Items listed in a dataset
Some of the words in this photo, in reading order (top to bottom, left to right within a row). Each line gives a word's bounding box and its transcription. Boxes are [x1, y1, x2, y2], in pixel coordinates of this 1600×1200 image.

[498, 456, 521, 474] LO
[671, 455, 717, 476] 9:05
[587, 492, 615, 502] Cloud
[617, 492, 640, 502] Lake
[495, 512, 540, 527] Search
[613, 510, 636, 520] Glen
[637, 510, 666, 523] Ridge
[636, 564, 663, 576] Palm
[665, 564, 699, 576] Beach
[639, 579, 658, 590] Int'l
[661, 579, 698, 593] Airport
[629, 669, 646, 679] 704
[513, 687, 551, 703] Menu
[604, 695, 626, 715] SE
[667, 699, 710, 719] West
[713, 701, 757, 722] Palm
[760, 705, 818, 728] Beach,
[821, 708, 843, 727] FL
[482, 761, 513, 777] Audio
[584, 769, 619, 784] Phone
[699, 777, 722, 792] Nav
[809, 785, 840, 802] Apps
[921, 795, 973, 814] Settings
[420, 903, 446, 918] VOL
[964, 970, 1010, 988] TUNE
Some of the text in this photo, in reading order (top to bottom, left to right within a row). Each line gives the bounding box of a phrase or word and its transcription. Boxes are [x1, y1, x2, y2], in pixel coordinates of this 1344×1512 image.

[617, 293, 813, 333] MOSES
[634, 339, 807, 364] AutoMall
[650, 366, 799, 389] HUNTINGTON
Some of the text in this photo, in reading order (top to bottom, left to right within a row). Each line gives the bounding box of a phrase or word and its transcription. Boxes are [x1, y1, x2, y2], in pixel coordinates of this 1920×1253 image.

**What this task involves:**
In your response, reproduce the records exactly, every one.

**Answer to the exercise:**
Some of the words in this photo, in reading order (top to bottom, left to right within a row). Each line gives a word's bounding box and its transcription. Boxes are [x1, y1, x2, y2], in pixel coordinates of this 1600×1200 image.

[498, 456, 521, 474] LO
[671, 455, 717, 476] 9:05
[587, 492, 615, 502] Cloud
[617, 492, 640, 502] Lake
[495, 512, 540, 527] Search
[613, 510, 636, 520] Glen
[637, 510, 666, 523] Ridge
[636, 564, 663, 576] Palm
[665, 564, 699, 576] Beach
[639, 579, 658, 590] Int'l
[661, 579, 698, 593] Airport
[629, 669, 646, 679] 704
[513, 687, 551, 703] Menu
[604, 695, 626, 715] SE
[667, 699, 710, 719] West
[713, 701, 757, 722] Palm
[760, 705, 818, 728] Beach,
[821, 708, 843, 727] FL
[482, 761, 513, 777] Audio
[584, 769, 619, 784] Phone
[699, 777, 722, 792] Nav
[809, 785, 840, 802] Apps
[921, 795, 973, 814] Settings
[420, 903, 446, 918] VOL
[964, 970, 1010, 988] TUNE
Some of the text in this photo, in reading order (top to bottom, left to right within a row). Each line gives the bounding box of a phrase or word and its transcription. Boxes are [x1, y1, x2, y2], in pixel coordinates of this 1344×1512 image.

[617, 293, 813, 333] MOSES
[634, 339, 807, 364] AutoMall
[650, 366, 799, 389] HUNTINGTON
Some of the text in this photo, in reading order (top to bottom, left to right within a row). Each line gives the bounding box of a phrase or word and its transcription. Boxes are [x1, y1, x2, y2], in pixel coordinates of this 1920×1253 image.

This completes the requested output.